In the 1980s and 1990s, I was the ag reporter for The Forum of Fargo-Moorhead. On Sept. 22, 1996, the Forum published my story: "Under Siege: Cult makes family's life a living hell." It was three full pages and described how the farming Leppert family of Dickey, N.D., became embroiled in the Winrod family in Missouri.

The anti-semitic Winrod had been defrocked minister by the Lutheran Church-Missouri Synod. He started his own Our Savior's Christian Church and gained fame for denying Jesus was a Jew and for urging Christians toward violent opposition to Jews.

In 1978, the Roger and Delores Leppert family from Dickey, N.D., traveled to Missouri to meet with Winrod, who was using his radio program to encourage homeschooling,

Roger's sister, Inez Leppert, a single aunt and former American Lutheran Church medical missionary, encouraged romances between the Lepperts' five sons and Winrod's five daughters. One time the Lepperts traveled to meet Winrod with Gordon Kahl, the Heaton, N.D., mechanic and farmer. (Kahl in February 1983 led a deadly Posse Comitatus face-off with U.S. Marshals that killed two marshals at Medina, N.D. Inez attended Christian Constitution Party meetings at the Medina medical clinic of Dr. Clarence Martin, which the marshals were staking out. Inez attended the meeting the day of the stand-off.)

8 of 11 taken

Three Leppert sons married three Winrod daughters in the early 1980s. Two of the couples had five and six children, respectively — a total of 11. Those two Leppert sons, Timothy and Joel, were divorced from their wives in 1992.

The Winrod women violated child custody rules with impunity, and the fathers won sole custody in both North Dakota and Missouri supreme courts. The Winrods responded by abducting eight of the 11 children of Timothy and Joel Leppert. Most were taken from the farms. One was taken Dec. 23, 1995, from the Buffalo Mall in Jamestown, N.D.

During the legal wranglings, Winrod famously sent his "Winrod Letter" newsletters to hundreds of mystified rural residents across southeast North Dakota. Winrod offered a skewed play-by-play of the proceedings that often attacked individual judges — the "jewdiciary."

Marke Roberts, then the LaMoure County sheriff, told me his office took 130 service calls to the Leppert farmsteads around Dickey, N.D. The Lepperts found shovels and mower guards hanging in their corn fields to chew up their farm equipment, perhaps to distract them.

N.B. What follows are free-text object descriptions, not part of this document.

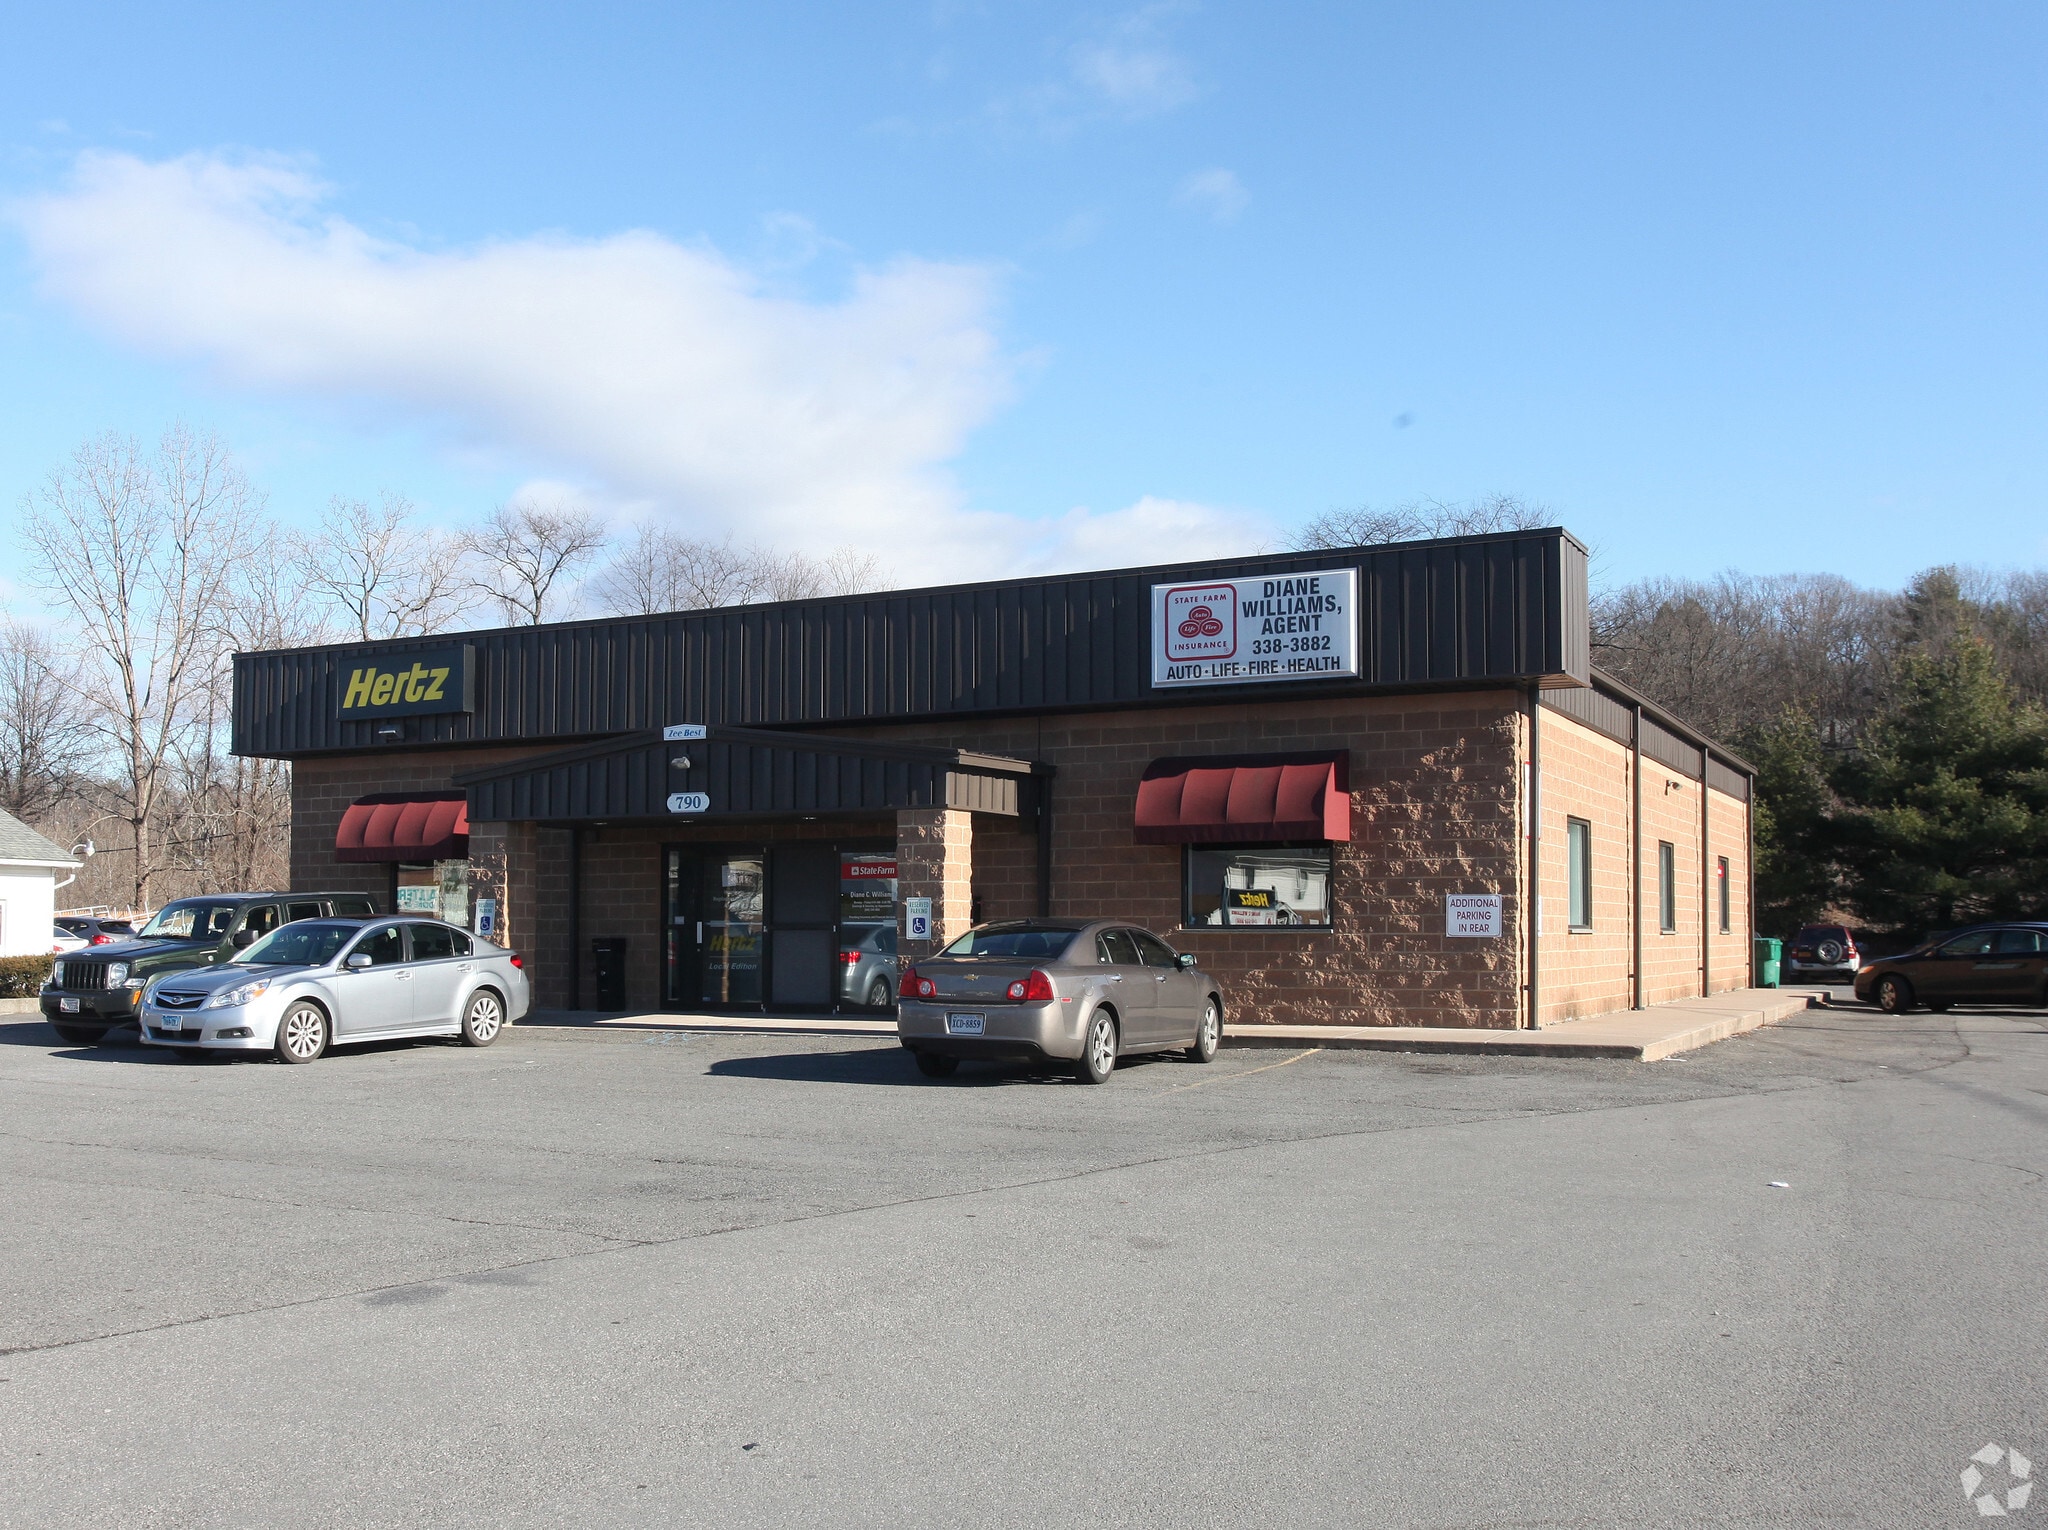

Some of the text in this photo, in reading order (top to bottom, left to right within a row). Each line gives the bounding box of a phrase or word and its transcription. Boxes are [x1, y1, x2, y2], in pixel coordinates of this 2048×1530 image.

[1263, 577, 1320, 598] DIANE
[1174, 593, 1227, 605] STATE FARM
[1242, 594, 1342, 618] WILLIAMS,
[1193, 611, 1208, 619] Auto
[1184, 623, 1218, 634] Life Fire
[1261, 614, 1322, 635] AGENT
[1174, 640, 1228, 651] INSURANCE
[1252, 635, 1331, 655] 338-3882
[1166, 656, 1341, 680] AUTO LIFE FIRE HEALTH
[342, 662, 450, 709] Hertz
[668, 728, 702, 738] Zee Best
[675, 795, 702, 810] 790
[1450, 898, 1498, 908] ADDITIONAL
[1456, 911, 1492, 920] PARKING
[1458, 923, 1490, 932] IN REAR
[730, 962, 758, 970] Edition
[952, 1019, 981, 1029] XCD-8859

Tim and Joel wondered whether their brother, Sam, and his wife, Laura (Winrod) Leppert, who lived in LaMoure County, were helping the ex-wives.

The end of the harassment started Aug. 30, 1996. Sharon Leppert (Tim's ex-wife) and Mark Leppert (Tim's youngest brother) were chased down by authorities while attempting to flee an attempt to abduct a child from Tim's home. On Sept. 16, 1996, Quinta Leppert (Joel's ex-wife) and Nathan Leppert (Tim's oldest son) were arrested in a tent in Joel Leppert's shelterbelt. They carried a .357 magnum pistol and a two-way radio.

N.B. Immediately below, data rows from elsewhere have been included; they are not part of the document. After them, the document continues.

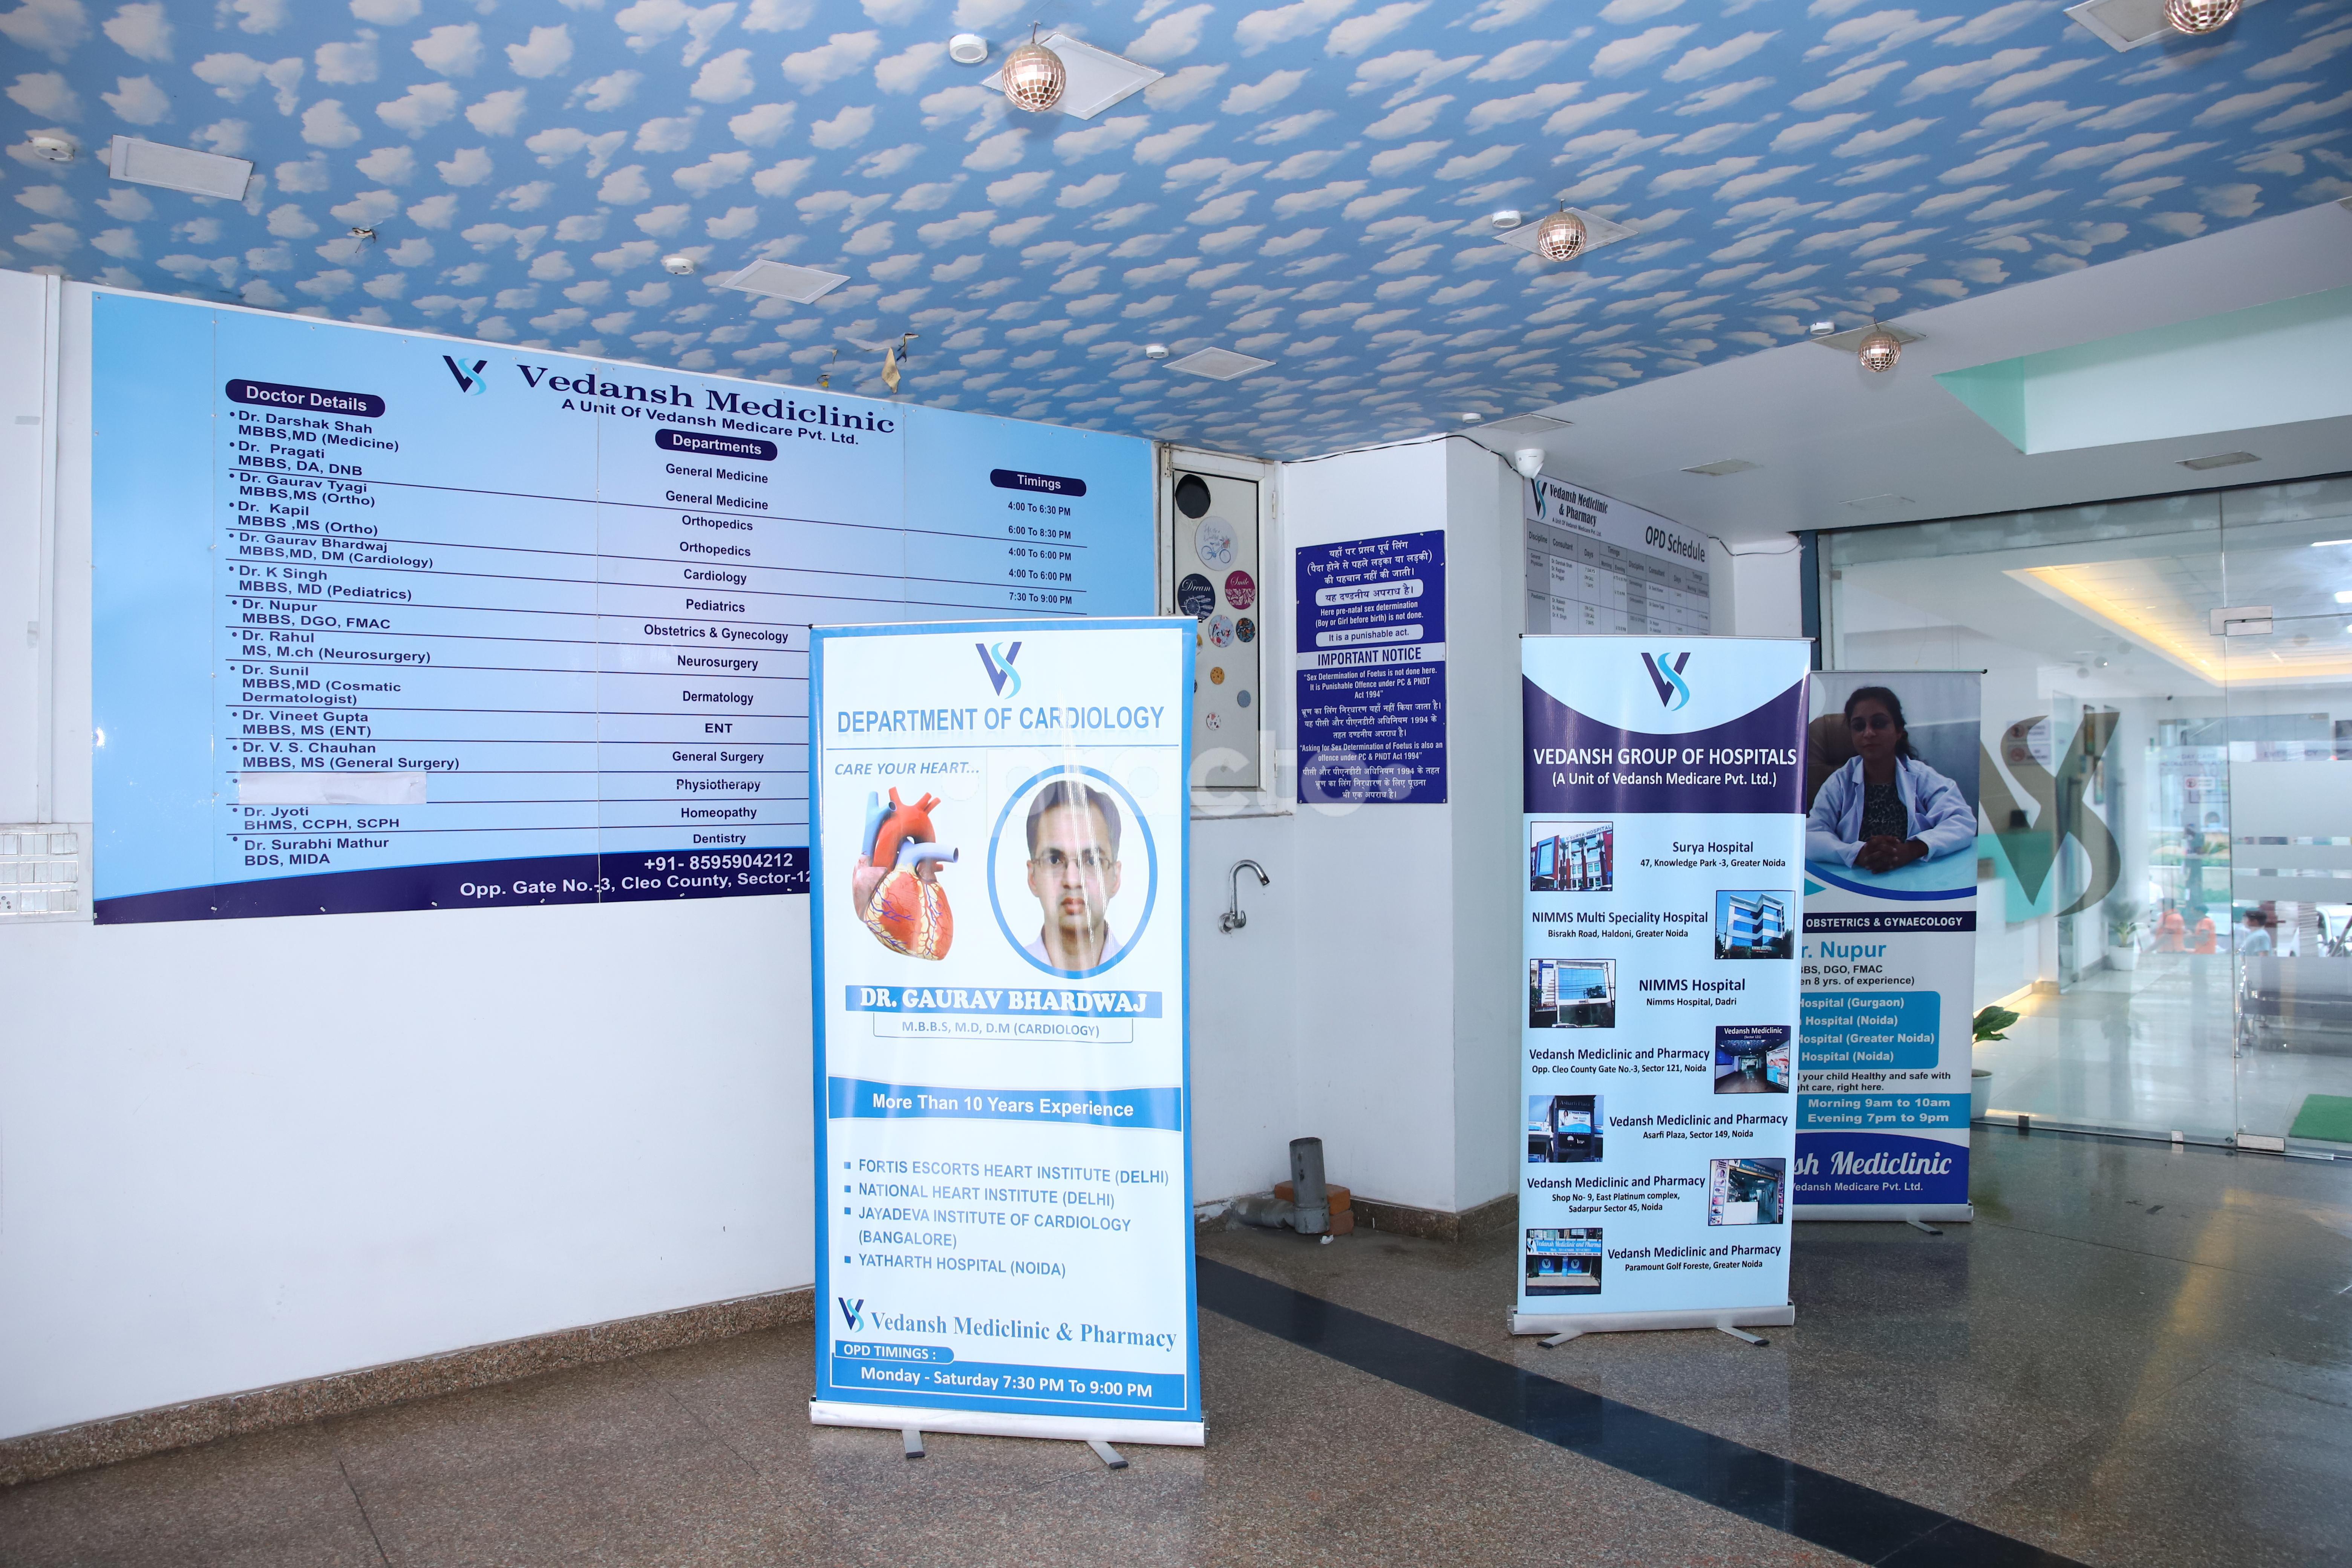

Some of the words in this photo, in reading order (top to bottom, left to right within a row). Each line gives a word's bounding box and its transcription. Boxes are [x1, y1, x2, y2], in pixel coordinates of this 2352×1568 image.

[247, 385, 305, 404] Doctor
[310, 393, 367, 412] Details
[517, 364, 695, 409] Vedansh
[705, 389, 895, 434] Mediclinic
[239, 410, 260, 422] Dr.
[266, 413, 329, 430] Darshak
[334, 421, 372, 434] Shah
[561, 398, 575, 410] A
[580, 400, 616, 415] Unit
[621, 406, 642, 418] Of
[645, 408, 716, 427] Vedansh
[722, 418, 793, 436] Medicare
[798, 427, 826, 441] Pvt.
[831, 432, 859, 445] Ltd.
[239, 424, 317, 443] MBBS,MD
[322, 433, 399, 452] (Medicine)
[673, 433, 762, 455] Departments
[666, 463, 712, 478] General
[717, 468, 768, 484] Medicine
[1017, 474, 1061, 491] Timings
[1550, 484, 1577, 504] Vedansh
[1577, 493, 1608, 514] Mediclinic
[1008, 501, 1025, 511] 4:00
[1027, 503, 1037, 513] To
[1039, 504, 1056, 514] 6:30
[1058, 506, 1070, 516] PM
[1559, 503, 1565, 516] &
[1566, 505, 1597, 529] Pharmacy
[240, 532, 259, 542] Dr.
[265, 534, 317, 546] Gaurav
[322, 538, 387, 553] Bhardwaj
[1329, 546, 1343, 558] यहाँ
[1344, 547, 1357, 556] पर
[1358, 545, 1375, 554] प्रसव
[1377, 540, 1390, 555] पूर्व
[1391, 540, 1409, 550] लिंग
[1529, 531, 1548, 544] Discipline
[1553, 539, 1573, 551] Consultant
[1584, 549, 1594, 559] Days
[1608, 546, 1620, 557] Timings
[1645, 526, 1666, 548] OPD
[1667, 533, 1706, 562] Schedule
[239, 545, 317, 561] MBBS,MD,
[322, 550, 344, 561] DM
[349, 552, 433, 569] (Cardiology)
[684, 568, 747, 585] Cardiology
[1181, 579, 1211, 592] Dream
[1230, 576, 1249, 585] Smile
[1325, 594, 1337, 602] यह
[1339, 589, 1370, 601] दण्डनीय
[1373, 588, 1401, 597] अपराध
[1402, 583, 1413, 596] है।
[1336, 605, 1363, 617] pre-natal
[1376, 600, 1418, 611] determination
[644, 624, 706, 637] Obstetrics
[709, 627, 718, 638] &
[721, 628, 789, 644] Gynecology
[1351, 629, 1393, 642] punishable
[1395, 628, 1409, 637] act.
[1318, 650, 1379, 666] IMPORTANT
[1382, 647, 1421, 662] NOTICE
[838, 708, 978, 733] DEPARTMENT
[984, 707, 1012, 730] OF
[1019, 706, 1164, 729] CARDIOLOGY
[1533, 748, 1613, 766] VEDANSH
[1618, 748, 1677, 765] GROUP
[1682, 748, 1704, 765] OF
[1709, 748, 1797, 765] HOSPITALS
[835, 763, 873, 775] CARE
[877, 763, 916, 775] YOUR
[677, 779, 761, 793] Physiotherapy
[245, 840, 266, 851] Dr.
[271, 838, 331, 850] Surabhi
[337, 838, 389, 848] Mathur
[1672, 841, 1704, 855] Surya
[1708, 841, 1753, 855] Hospital
[245, 854, 283, 867] BDS,
[289, 853, 331, 865] MIDA
[644, 856, 684, 871] +91-
[689, 853, 793, 870] 8595904212
[1640, 859, 1652, 868] 47,
[1654, 858, 1698, 868] Knowledge
[1700, 859, 1717, 867] Park
[1719, 859, 1729, 868] -3,
[1730, 859, 1761, 867] Greater
[460, 882, 506, 899] Opp.
[513, 880, 556, 894] Gate
[563, 877, 615, 893] No.-3,
[621, 876, 661, 890] Cleo
[667, 874, 732, 889] County,
[1532, 912, 1573, 923] NIMMS
[1577, 911, 1605, 923] Multi
[1608, 911, 1660, 925] Speciality
[1663, 911, 1708, 925] Hospital
[1806, 918, 1870, 928] OBSTETRICS
[1873, 917, 1881, 926] &
[1884, 917, 1963, 926] GYNAECOLOGY
[1821, 941, 1886, 962] Nupur
[1824, 965, 1850, 975] DGO,
[1853, 965, 1883, 973] FMAC
[859, 986, 897, 1008] DR.
[902, 989, 1003, 1009] GAURAV
[1008, 991, 1147, 1012] BHARDWAJ
[1801, 1051, 1849, 1063] Hospital
[1853, 1051, 1894, 1063] (Noida)
[1851, 1072, 1886, 1082] Healthy
[1909, 1072, 1928, 1080] safe
[1808, 1098, 1861, 1109] Morning
[1865, 1098, 1893, 1107] 9am
[1896, 1098, 1910, 1107] to
[1915, 1098, 1950, 1107] 10am
[1643, 1130, 1664, 1139] Asarfi
[1666, 1130, 1687, 1140] Plaza,
[1715, 1130, 1730, 1139] 149,
[1732, 1129, 1753, 1138] Noida
[1830, 1151, 1952, 1175] Mediclinic
[858, 1253, 932, 1269] YATHARTH
[937, 1257, 1006, 1273] HOSPITAL
[1011, 1260, 1066, 1279] (NOIDA)
[844, 1344, 871, 1356] OPD
[873, 1345, 929, 1360] TIMINGS

I came to work for Agweek in 2000 and turned to other stories. Later that year, Winrod was arrested and six still-missing children were found on his complex. In 2002, Winrod was convicted of kidnapping and went on to serve 10 years of a 30-year sentence. He was released in 2012, and one of his granddaughters warns the community to beware. It will be interesting to see how my friends in Kulm cope with this.